● TRY IT
Starting at the line that holds "this 1152×2048 image.", transcribe every line to the end of the data exactly; include no other lines.

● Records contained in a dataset
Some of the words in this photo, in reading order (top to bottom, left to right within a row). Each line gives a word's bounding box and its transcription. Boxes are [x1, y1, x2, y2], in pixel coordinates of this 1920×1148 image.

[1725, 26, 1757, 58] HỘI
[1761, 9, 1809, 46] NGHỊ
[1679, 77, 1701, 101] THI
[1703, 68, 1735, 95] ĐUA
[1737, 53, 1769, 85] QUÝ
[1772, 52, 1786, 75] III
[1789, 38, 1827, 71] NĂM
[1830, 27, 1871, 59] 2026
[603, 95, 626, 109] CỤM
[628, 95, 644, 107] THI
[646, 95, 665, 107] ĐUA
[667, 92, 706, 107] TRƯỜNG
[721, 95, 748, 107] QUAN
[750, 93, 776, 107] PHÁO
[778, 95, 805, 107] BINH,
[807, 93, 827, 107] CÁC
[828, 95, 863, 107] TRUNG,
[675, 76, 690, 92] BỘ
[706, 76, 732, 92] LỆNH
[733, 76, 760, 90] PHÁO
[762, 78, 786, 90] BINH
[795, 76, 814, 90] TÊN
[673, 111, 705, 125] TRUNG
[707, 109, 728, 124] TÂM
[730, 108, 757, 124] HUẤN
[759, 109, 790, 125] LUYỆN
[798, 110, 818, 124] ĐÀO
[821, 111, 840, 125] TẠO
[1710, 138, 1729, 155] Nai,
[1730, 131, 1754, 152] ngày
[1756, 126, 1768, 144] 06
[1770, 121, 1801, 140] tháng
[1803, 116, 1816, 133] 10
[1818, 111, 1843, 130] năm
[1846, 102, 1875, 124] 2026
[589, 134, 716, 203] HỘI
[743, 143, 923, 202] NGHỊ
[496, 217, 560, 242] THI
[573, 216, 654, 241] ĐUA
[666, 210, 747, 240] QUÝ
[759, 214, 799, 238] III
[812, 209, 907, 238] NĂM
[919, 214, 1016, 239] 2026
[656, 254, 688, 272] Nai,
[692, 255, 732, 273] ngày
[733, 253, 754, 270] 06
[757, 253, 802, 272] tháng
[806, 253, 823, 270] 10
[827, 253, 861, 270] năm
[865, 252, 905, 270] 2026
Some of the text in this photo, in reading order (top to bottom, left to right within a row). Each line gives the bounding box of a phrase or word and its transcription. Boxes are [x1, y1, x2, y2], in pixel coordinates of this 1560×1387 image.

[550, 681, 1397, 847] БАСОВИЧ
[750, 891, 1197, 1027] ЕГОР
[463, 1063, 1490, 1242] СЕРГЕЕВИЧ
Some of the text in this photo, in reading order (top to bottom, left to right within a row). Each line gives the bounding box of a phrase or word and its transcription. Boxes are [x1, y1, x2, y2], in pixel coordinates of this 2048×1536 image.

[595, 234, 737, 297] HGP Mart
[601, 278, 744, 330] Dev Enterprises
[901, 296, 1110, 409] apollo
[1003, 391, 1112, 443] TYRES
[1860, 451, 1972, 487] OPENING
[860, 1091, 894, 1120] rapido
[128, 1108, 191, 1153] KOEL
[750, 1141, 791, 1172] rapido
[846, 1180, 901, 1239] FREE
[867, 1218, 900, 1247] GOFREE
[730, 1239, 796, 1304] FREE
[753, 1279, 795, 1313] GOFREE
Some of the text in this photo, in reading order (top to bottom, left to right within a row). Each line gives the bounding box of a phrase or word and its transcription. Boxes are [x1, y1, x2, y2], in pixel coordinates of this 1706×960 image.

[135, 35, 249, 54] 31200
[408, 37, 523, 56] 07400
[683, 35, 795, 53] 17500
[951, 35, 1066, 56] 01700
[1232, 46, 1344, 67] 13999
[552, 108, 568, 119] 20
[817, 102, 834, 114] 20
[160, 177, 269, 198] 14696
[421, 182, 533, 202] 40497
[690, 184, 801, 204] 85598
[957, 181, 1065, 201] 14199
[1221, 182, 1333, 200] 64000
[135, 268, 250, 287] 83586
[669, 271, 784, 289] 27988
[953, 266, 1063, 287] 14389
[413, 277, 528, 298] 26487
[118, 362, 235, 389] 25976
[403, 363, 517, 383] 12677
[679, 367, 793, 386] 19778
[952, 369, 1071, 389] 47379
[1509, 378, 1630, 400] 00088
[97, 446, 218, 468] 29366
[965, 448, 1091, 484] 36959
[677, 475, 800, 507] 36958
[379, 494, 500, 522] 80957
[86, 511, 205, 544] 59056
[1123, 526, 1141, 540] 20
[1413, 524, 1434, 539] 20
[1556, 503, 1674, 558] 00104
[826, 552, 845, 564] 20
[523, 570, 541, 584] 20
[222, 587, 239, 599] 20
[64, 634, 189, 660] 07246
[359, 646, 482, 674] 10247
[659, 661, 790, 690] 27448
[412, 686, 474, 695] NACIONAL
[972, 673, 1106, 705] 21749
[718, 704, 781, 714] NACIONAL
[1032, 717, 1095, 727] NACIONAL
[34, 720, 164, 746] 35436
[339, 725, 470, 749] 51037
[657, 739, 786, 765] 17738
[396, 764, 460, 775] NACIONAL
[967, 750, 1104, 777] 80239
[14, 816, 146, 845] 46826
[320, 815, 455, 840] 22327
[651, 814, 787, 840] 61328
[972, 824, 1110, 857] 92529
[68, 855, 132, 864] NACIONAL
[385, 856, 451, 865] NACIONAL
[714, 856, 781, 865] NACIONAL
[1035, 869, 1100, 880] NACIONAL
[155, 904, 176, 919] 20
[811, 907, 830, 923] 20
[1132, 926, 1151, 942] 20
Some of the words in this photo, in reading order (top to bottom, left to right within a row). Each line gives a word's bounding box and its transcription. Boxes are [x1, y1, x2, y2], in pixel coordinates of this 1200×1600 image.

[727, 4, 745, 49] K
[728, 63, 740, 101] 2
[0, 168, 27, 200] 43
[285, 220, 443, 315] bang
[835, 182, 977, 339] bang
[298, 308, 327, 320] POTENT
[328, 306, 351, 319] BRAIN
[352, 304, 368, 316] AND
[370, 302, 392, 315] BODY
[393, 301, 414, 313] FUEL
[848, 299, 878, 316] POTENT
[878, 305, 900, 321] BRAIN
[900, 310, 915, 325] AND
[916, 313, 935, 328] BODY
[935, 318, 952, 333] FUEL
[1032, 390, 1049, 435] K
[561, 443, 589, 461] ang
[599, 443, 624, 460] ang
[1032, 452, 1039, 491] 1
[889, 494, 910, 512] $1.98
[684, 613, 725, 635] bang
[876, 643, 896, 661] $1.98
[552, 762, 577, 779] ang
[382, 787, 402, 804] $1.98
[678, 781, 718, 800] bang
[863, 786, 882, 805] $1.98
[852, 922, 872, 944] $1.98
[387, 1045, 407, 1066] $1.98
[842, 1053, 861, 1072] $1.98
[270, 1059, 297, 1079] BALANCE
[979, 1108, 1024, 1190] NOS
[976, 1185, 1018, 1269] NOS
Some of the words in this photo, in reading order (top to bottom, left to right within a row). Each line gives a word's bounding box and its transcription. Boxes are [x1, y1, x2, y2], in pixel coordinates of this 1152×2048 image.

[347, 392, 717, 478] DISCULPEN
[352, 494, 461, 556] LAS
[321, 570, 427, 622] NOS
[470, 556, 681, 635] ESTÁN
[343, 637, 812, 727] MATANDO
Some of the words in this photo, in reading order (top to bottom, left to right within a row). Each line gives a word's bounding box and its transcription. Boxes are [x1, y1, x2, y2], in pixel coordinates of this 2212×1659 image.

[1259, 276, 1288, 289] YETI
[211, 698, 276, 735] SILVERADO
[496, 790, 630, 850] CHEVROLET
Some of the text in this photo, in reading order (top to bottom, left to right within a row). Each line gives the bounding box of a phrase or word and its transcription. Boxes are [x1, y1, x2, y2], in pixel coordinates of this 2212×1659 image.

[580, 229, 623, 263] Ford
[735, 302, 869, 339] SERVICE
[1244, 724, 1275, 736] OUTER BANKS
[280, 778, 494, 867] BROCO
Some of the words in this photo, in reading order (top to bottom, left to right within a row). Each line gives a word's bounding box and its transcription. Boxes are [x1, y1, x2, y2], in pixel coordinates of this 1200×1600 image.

● EXPECTED ANSWER
Some of the words in this photo, in reading order (top to bottom, left to right within a row). Each line gives a word's bounding box and its transcription. Boxes are [x1, y1, x2, y2], in pixel coordinates of this 1152×2048 image.

[347, 392, 717, 478] DISCULPEN
[352, 494, 461, 556] LAS
[321, 570, 427, 622] NOS
[470, 556, 681, 635] ESTÁN
[343, 637, 812, 727] MATANDO
Some of the words in this photo, in reading order (top to bottom, left to right within a row). Each line gives a word's bounding box and its transcription. Boxes are [x1, y1, x2, y2], in pixel coordinates of this 2212×1659 image.

[1259, 276, 1288, 289] YETI
[211, 698, 276, 735] SILVERADO
[496, 790, 630, 850] CHEVROLET
Some of the text in this photo, in reading order (top to bottom, left to right within a row). Each line gives the bounding box of a phrase or word and its transcription. Boxes are [x1, y1, x2, y2], in pixel coordinates of this 2212×1659 image.

[580, 229, 623, 263] Ford
[735, 302, 869, 339] SERVICE
[1244, 724, 1275, 736] OUTER BANKS
[280, 778, 494, 867] BROCO
Some of the words in this photo, in reading order (top to bottom, left to right within a row). Each line gives a word's bounding box and its transcription. Boxes are [x1, y1, x2, y2], in pixel coordinates of this 1200×1600 image.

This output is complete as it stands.